SR is based on the principles of EMDR and by extension, has been the subject of comprehensive research as to its efficacy. SR relies on the Accelerated Information Processing model and resulting in Rapid Free Association. SR expands the resource phase of EMDR and provides a way of reducing the trauma inherent in trauma processing. By resourcing the person who experienced the distress, one’s relationship to the distress is altered. Wounded parts which emerge in the session are fully resourced and invited into the positive field for attachment repair. Fully resourced clients experience greater well-being, more optimism and more reliable personal agency when facing the challenges in their lives.

I have been using SR with my clients with great success. I have taught this protocol to numerous EMDR consultees and colleagues who report positive results. They feel it has augmented the healing of attachment wounds and complex trauma in a time efficient manner. It has also decreased the level of trauma experienced in the process of doing trauma work. I have taught SR to some non-EMDR clinicians, who found it to be a valuable addition to their practice. Additionally, I have taught SR to non-clinicians who serve people in compromised circumstances, i.e., in addition to licensed psychotherapists, a hospice pastor who successfully uses it with his clients and his clients’ families as well as a home care nurse who uses it with her patients.

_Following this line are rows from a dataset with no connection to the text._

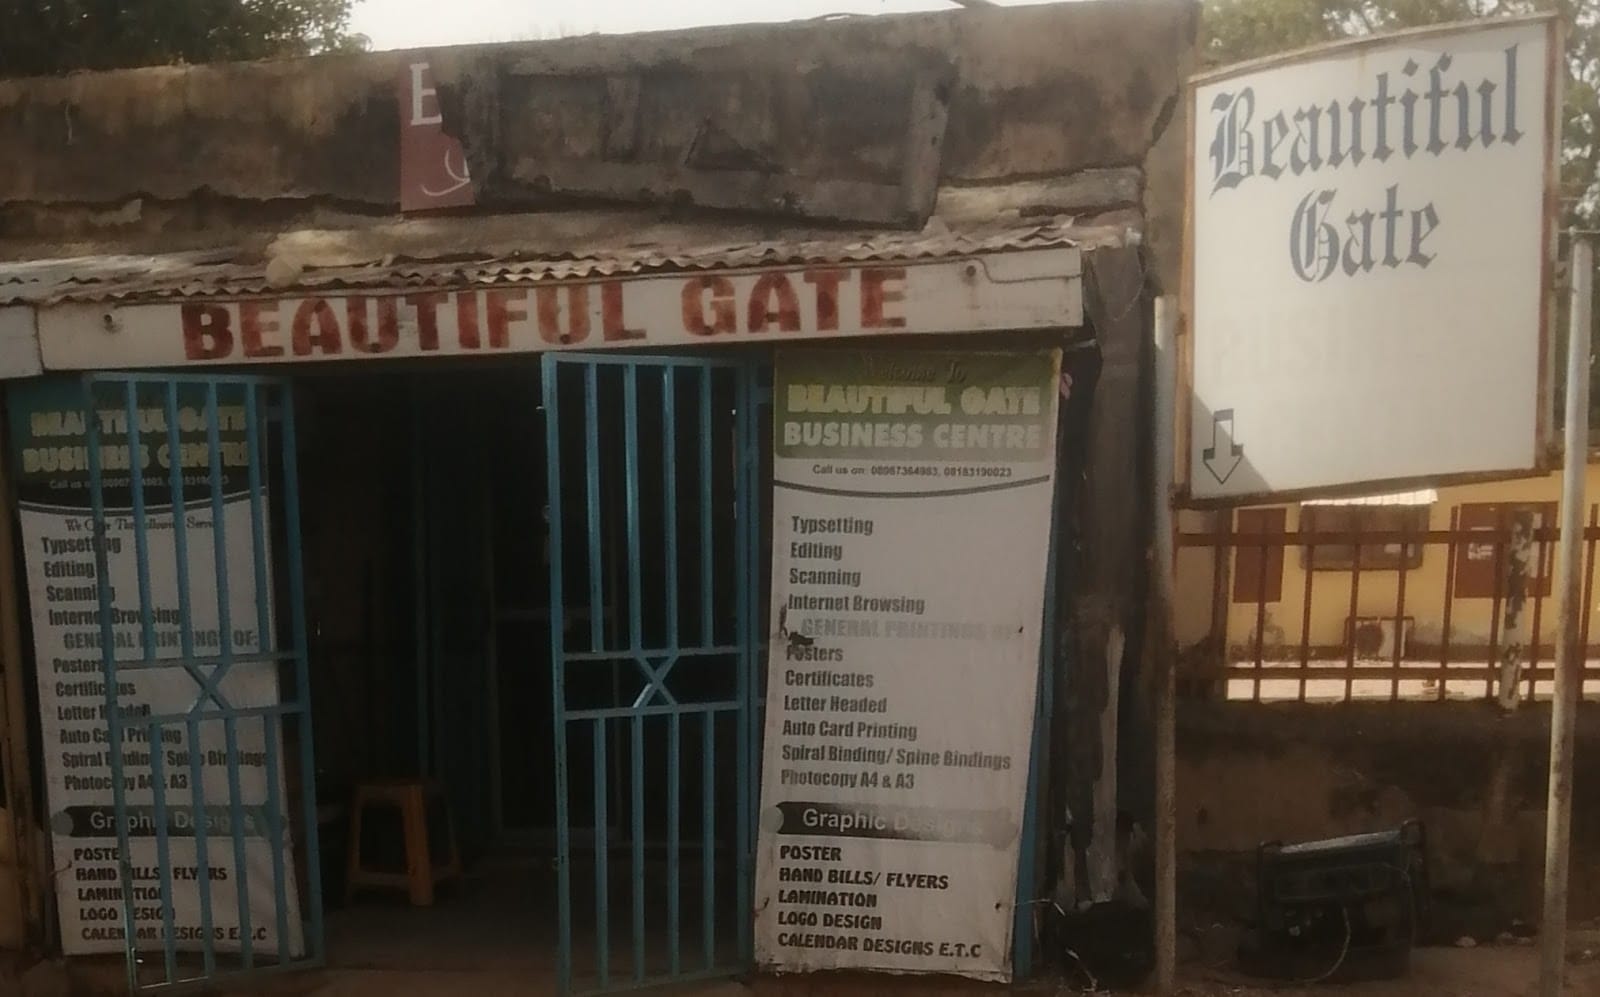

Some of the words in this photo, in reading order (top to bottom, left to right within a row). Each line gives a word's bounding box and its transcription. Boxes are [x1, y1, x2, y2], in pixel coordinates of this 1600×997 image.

[1209, 43, 1526, 199] Beautiful
[1289, 183, 1440, 283] Gate
[181, 279, 647, 360] BEAUTIFUL
[682, 267, 908, 336] GATE
[787, 384, 951, 415] BEAUTIFUL
[960, 385, 1041, 416] GATE
[784, 421, 923, 448] BUSINESS
[933, 423, 1042, 449] CENTRE
[812, 464, 833, 475] Call
[835, 466, 849, 475] us
[791, 515, 874, 536] Typsetting
[789, 541, 843, 561] Editing
[43, 560, 95, 578] Editing
[788, 568, 861, 587] Scanning
[787, 594, 849, 611] Internet
[852, 595, 926, 615] Browsing
[785, 643, 844, 662] Posters
[784, 669, 875, 688] Certificates
[57, 704, 96, 721] Letter
[783, 695, 827, 712] Letter
[829, 695, 888, 713] Headed
[60, 728, 89, 745] Auto
[781, 719, 816, 737] Auto
[818, 720, 854, 738] Card
[857, 721, 918, 741] Printing
[781, 744, 825, 762] Spiral
[828, 745, 894, 765] Binding/
[895, 748, 941, 767] Spine
[943, 750, 1012, 771] Bindings
[170, 772, 187, 789] A3
[780, 768, 858, 788] Photocopy
[859, 771, 878, 788] A4
[881, 776, 892, 789] &
[895, 772, 915, 790] A3
[802, 809, 886, 832] Graphic
[73, 847, 121, 862] POSTE
[780, 845, 842, 861] POSTER
[779, 867, 823, 883] HAND
[827, 870, 882, 886] BILLS/
[886, 872, 949, 890] FLYERS
[777, 889, 878, 907] LAMINATION
[79, 907, 118, 922] LOGO
[777, 911, 818, 927] LOGO
[823, 914, 882, 930] DESIGN
[777, 933, 858, 950] CALENDAR
[863, 936, 934, 956] DESIGNS

Super Resourcing  has its roots in the brilliant work and thinking of Francine Shapiro who developed EMDR. I feel gratitude for having studied with her and for the trail blazing work she did which resulted in EMDR taking its rightful place as a legitimate and effective trauma methodology. I have also been strongly influenced by the many clinicians who took Shapiro’s work and adapted it for special populations and issues. Attachment wounding and healing has become a popular issue of focus in the psychology world. I have great appreciation and respect for those who evolved Francine’s work to more specifically address developmental wounding: Landry Wildwind, Shirley Jean Schmidt and Laurel Parnell. Additionally, I wish to acknowledge the work of Janina Fisher. She deepened my understanding of structural dissociation and taught me how to procedurally switch my clinical focus of attention from the trauma to the client who experienced it.